[PATCH] dm: fix deadlock when swapping to encrypted device

[Date Prev][Date Next][Thread Prev][Thread Next][Date Index][Thread Index]

 



Hi

Here I'm sending the patch that fixes swapping to dm-crypt.

The logic that limits the number of in-progress I/Os was moved to generic 
device mapper. A dm target can activate it by setting ti->limit_swap. The 
actual limit can be set in /sys/module/dm_mod/parameters/swap_ios.

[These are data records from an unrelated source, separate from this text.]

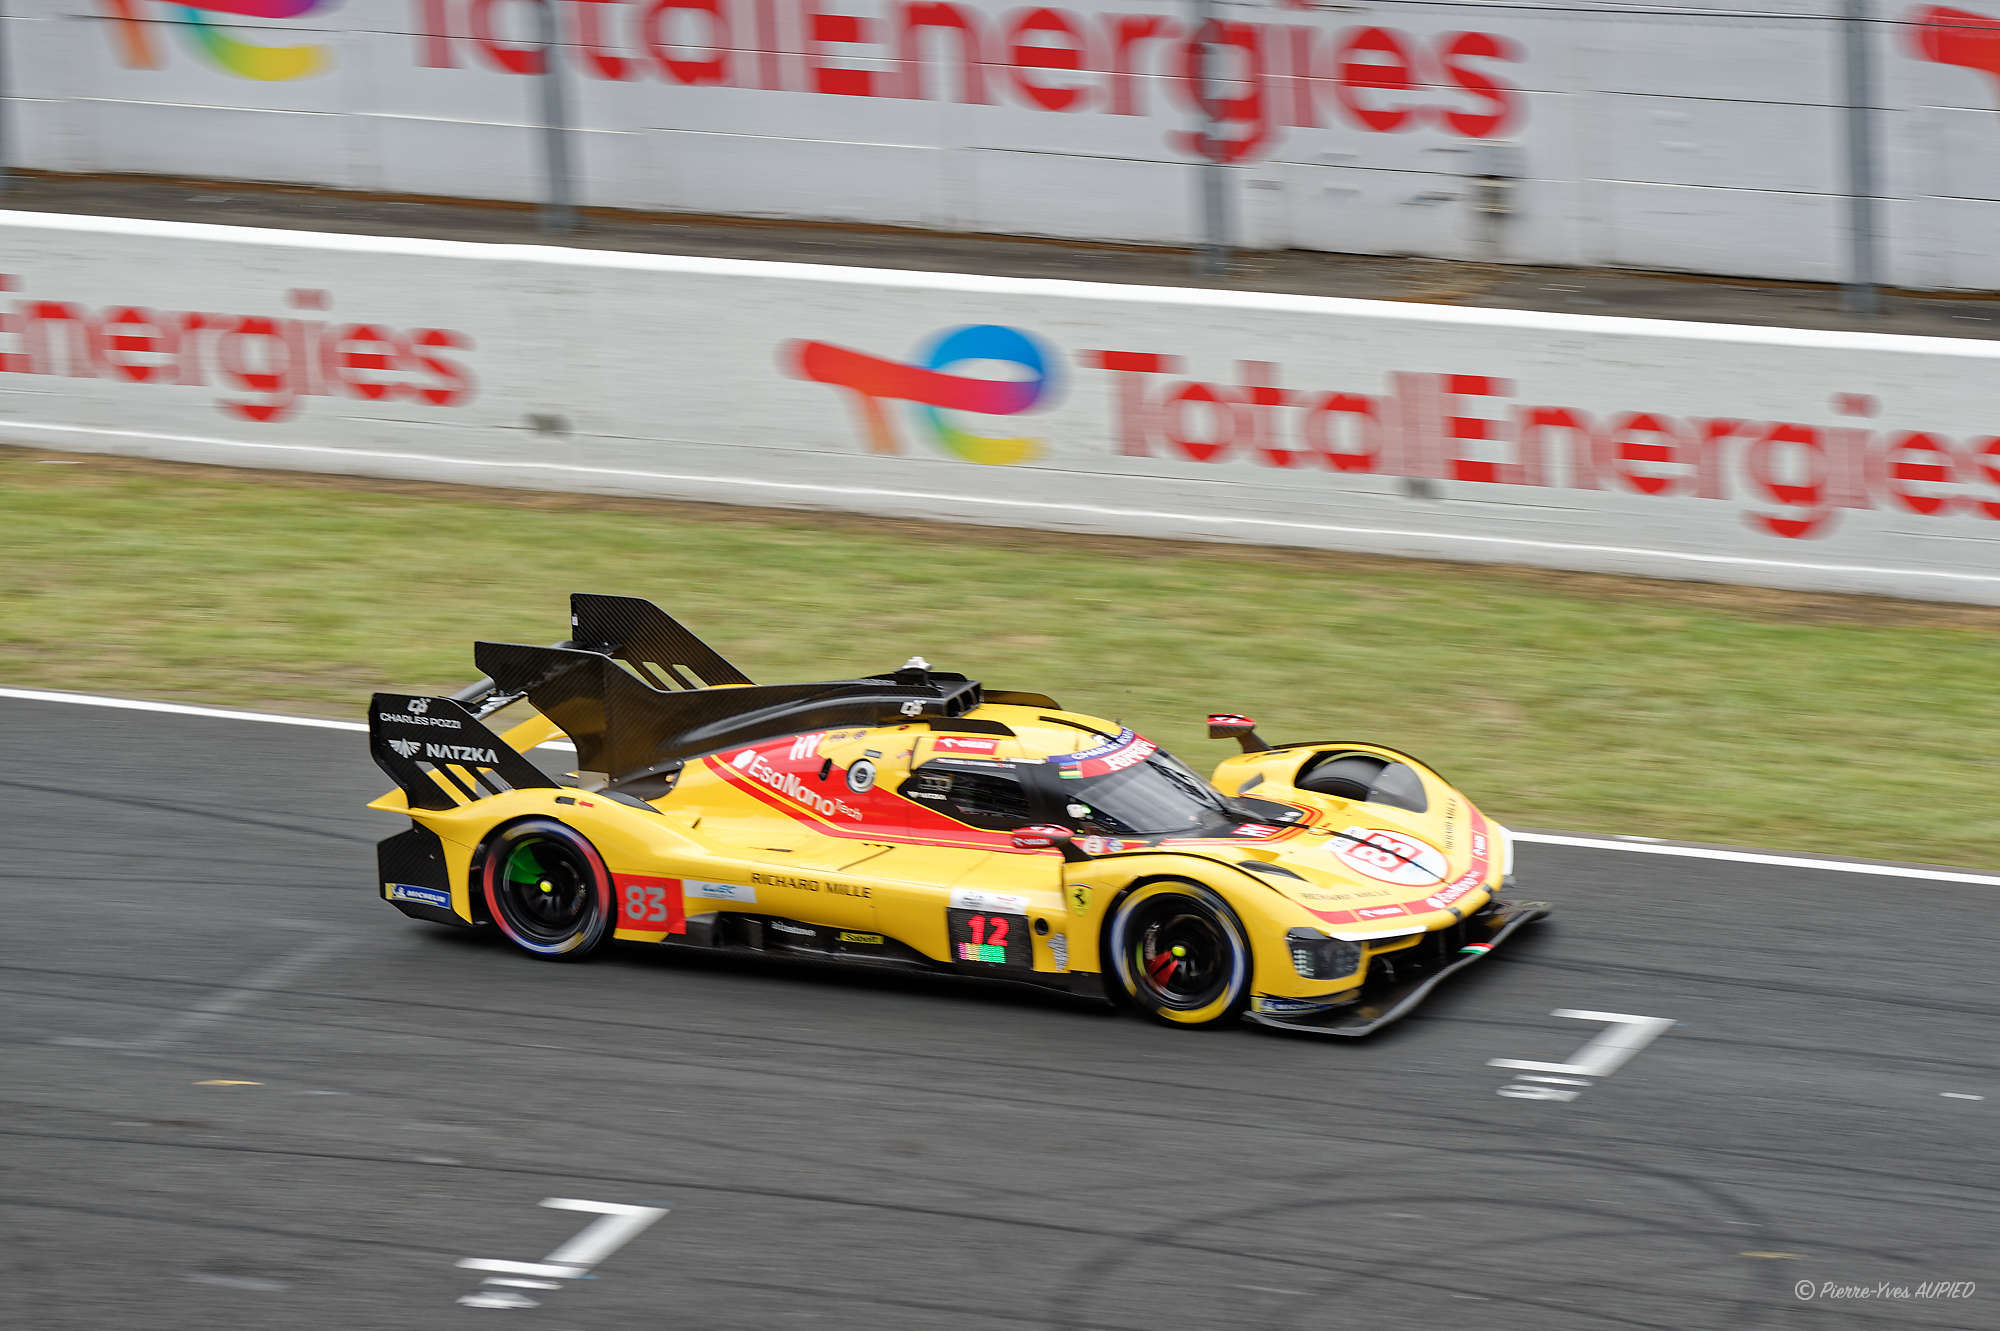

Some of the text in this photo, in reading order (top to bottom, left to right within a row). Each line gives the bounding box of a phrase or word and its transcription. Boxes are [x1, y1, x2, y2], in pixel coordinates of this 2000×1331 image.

[380, 712, 429, 726] CHARLES
[425, 742, 499, 763] NATZKA
[747, 755, 836, 816] EsaNano
[752, 872, 872, 898] RICHARD MILLE
[626, 885, 667, 922] 83
[967, 914, 1009, 947] 12
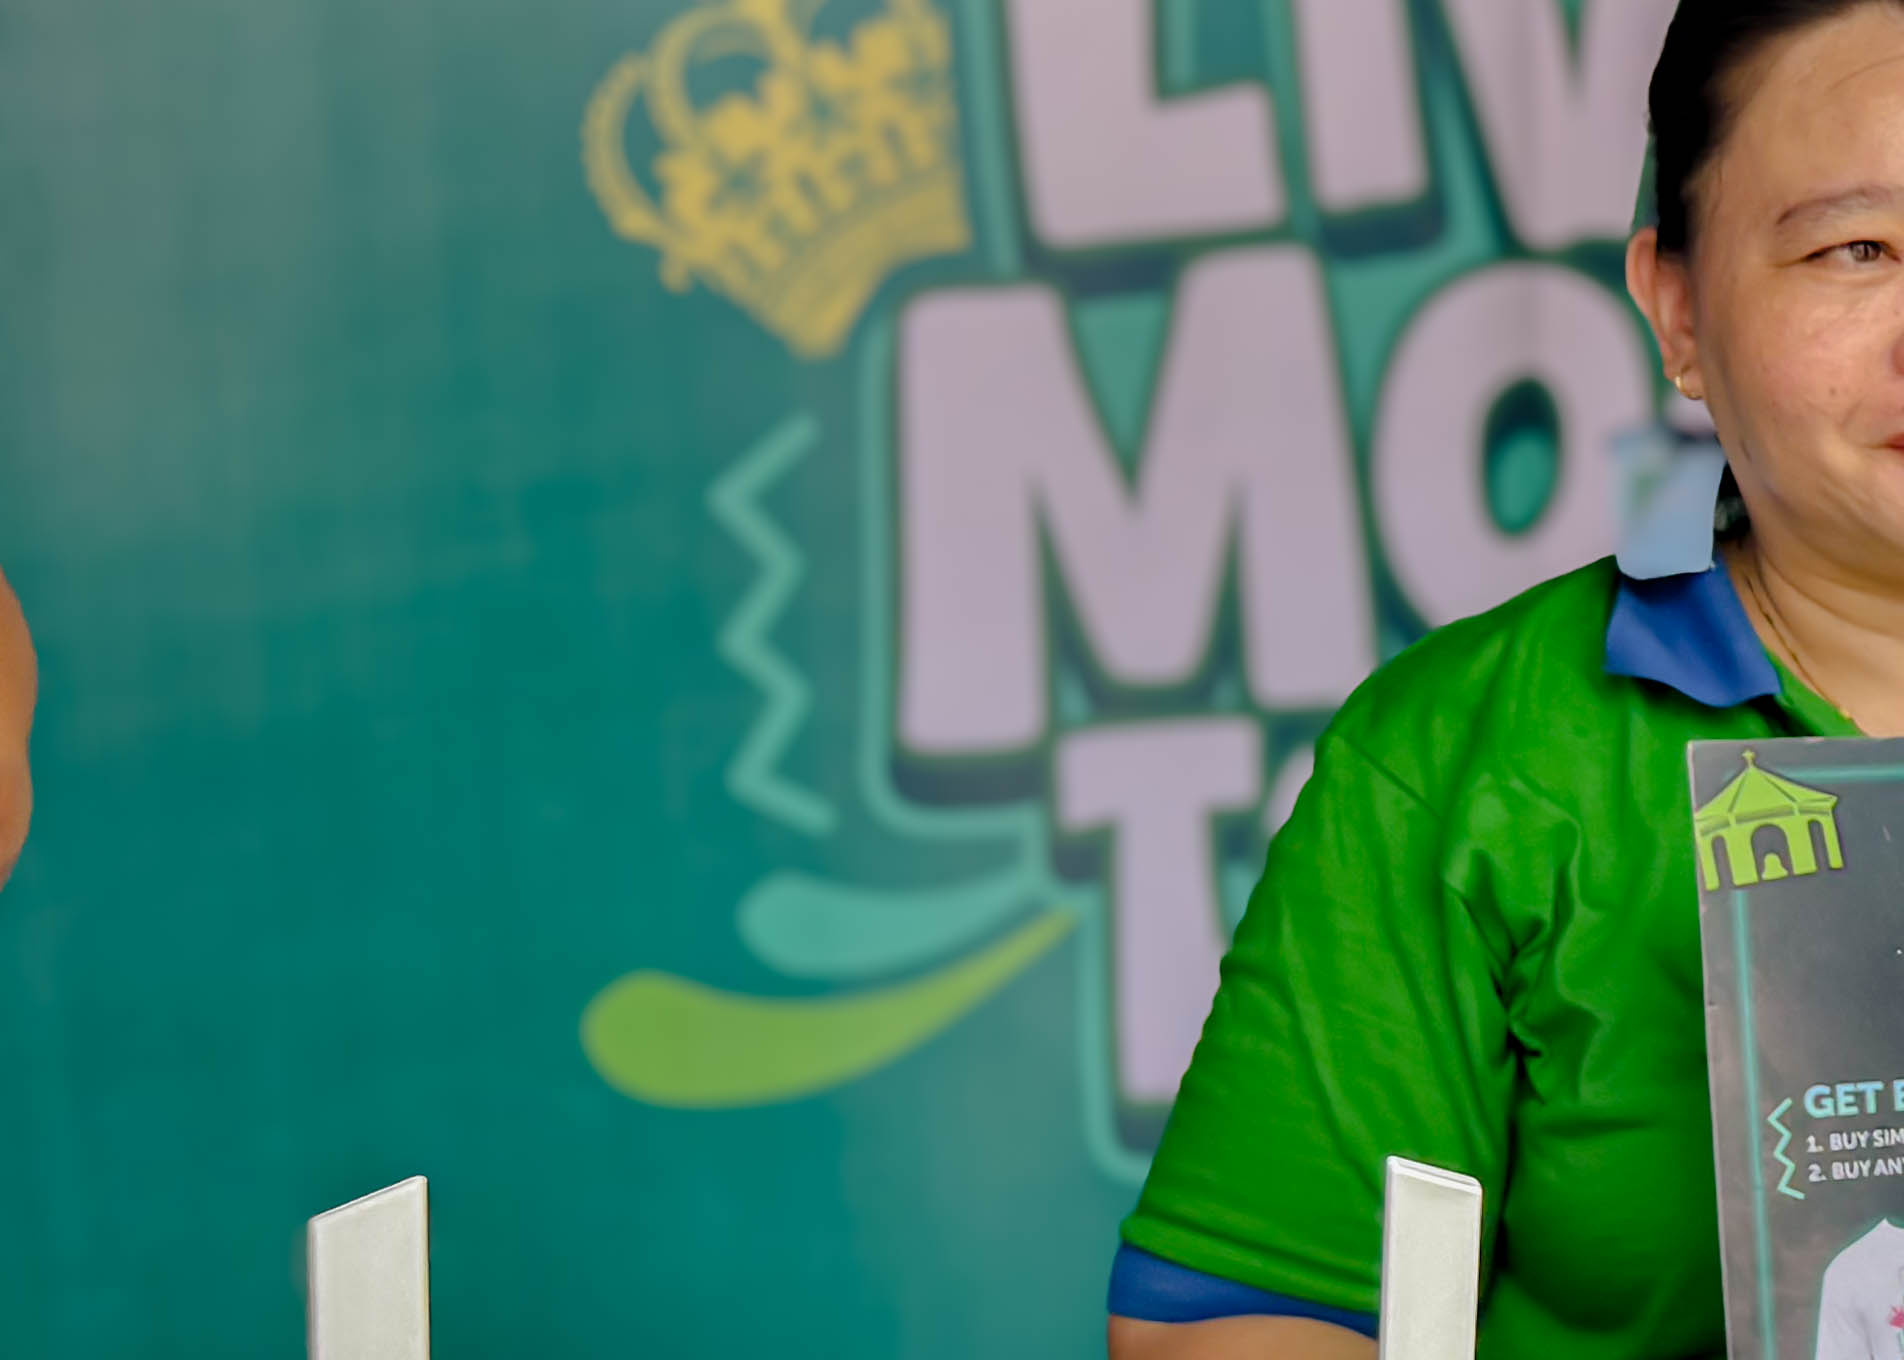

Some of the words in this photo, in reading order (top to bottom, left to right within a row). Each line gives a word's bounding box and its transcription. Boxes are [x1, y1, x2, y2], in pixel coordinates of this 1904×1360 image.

[1803, 1080, 1885, 1119] GET
[1806, 1134, 1825, 1154] 1.
[1829, 1129, 1869, 1152] BUY
[1808, 1163, 1827, 1183] 2.
[1831, 1158, 1871, 1181] BUY
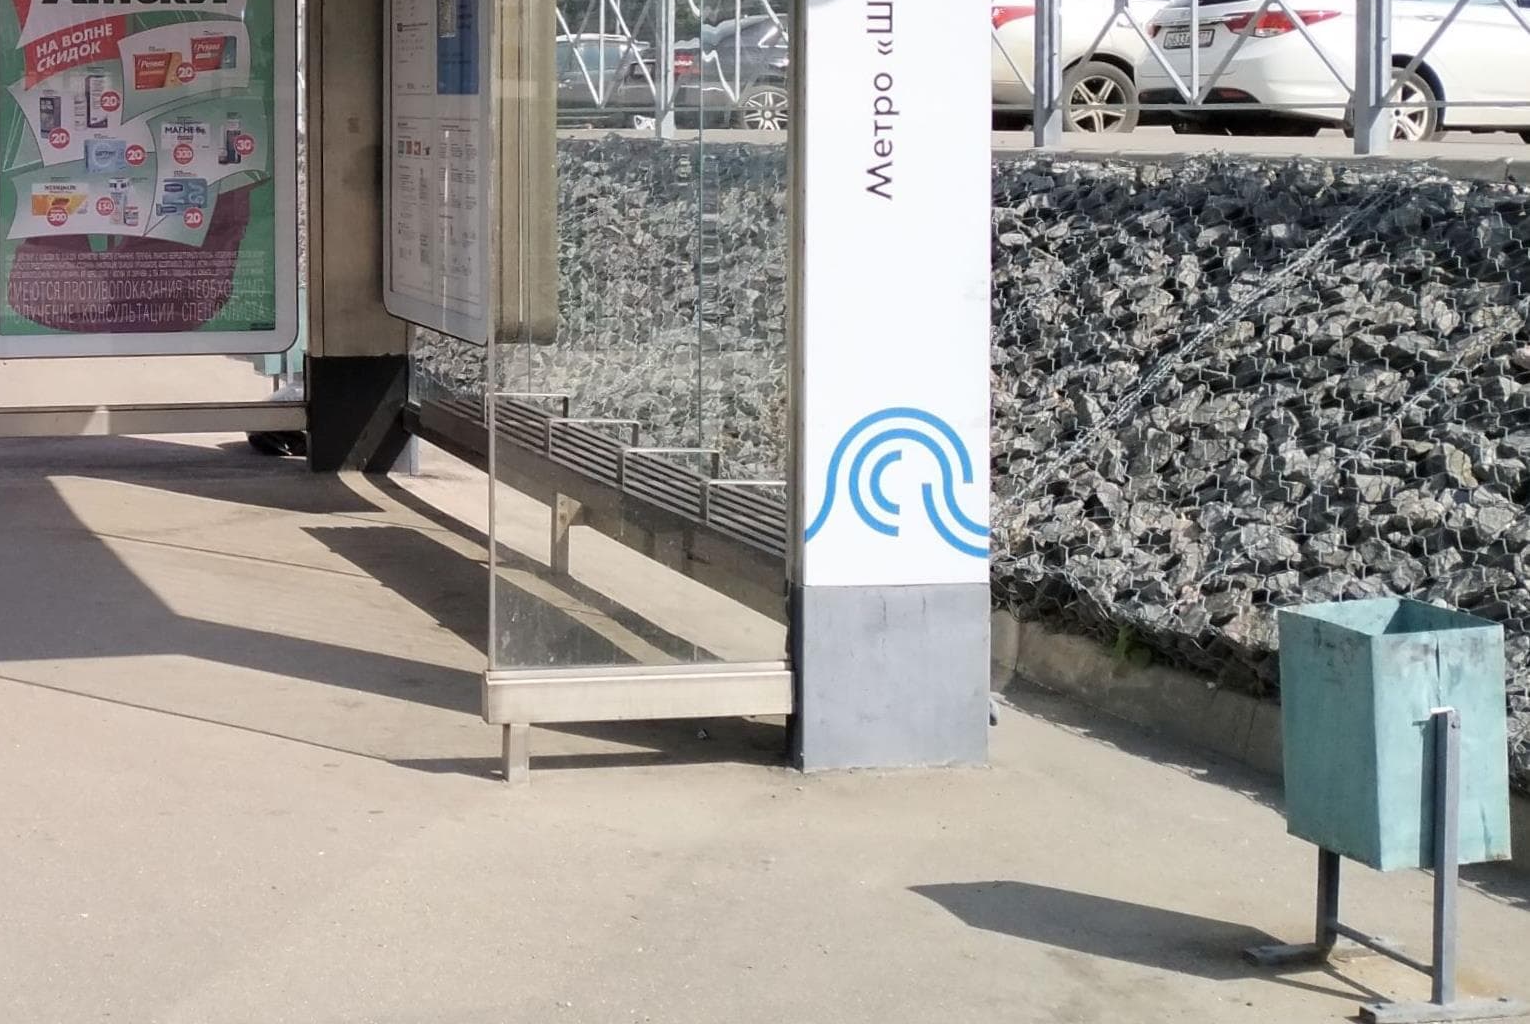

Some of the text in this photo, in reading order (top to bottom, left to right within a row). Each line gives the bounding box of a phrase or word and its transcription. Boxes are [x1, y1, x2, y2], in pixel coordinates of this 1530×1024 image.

This patch only limits swap bios (those with REQ_SWAP set). I don't limit 
other bios, because limiting them causes performance degradation due to 
cache line bouncing when taking the semaphore - and there are no reports 
that non-swap I/O on dm crypt causes deadlocks.

Mikulas



From: Mikulas Patocka <mpatocka@xxxxxxxxxx>

The system would deadlock when swapping to a dm-crypt device. The reason
is that for each incoming write bio, dm-crypt allocates memory that holds
encrypted data. These excessive allocations exhaust all the memory and the
result is either deadlock or OOM trigger.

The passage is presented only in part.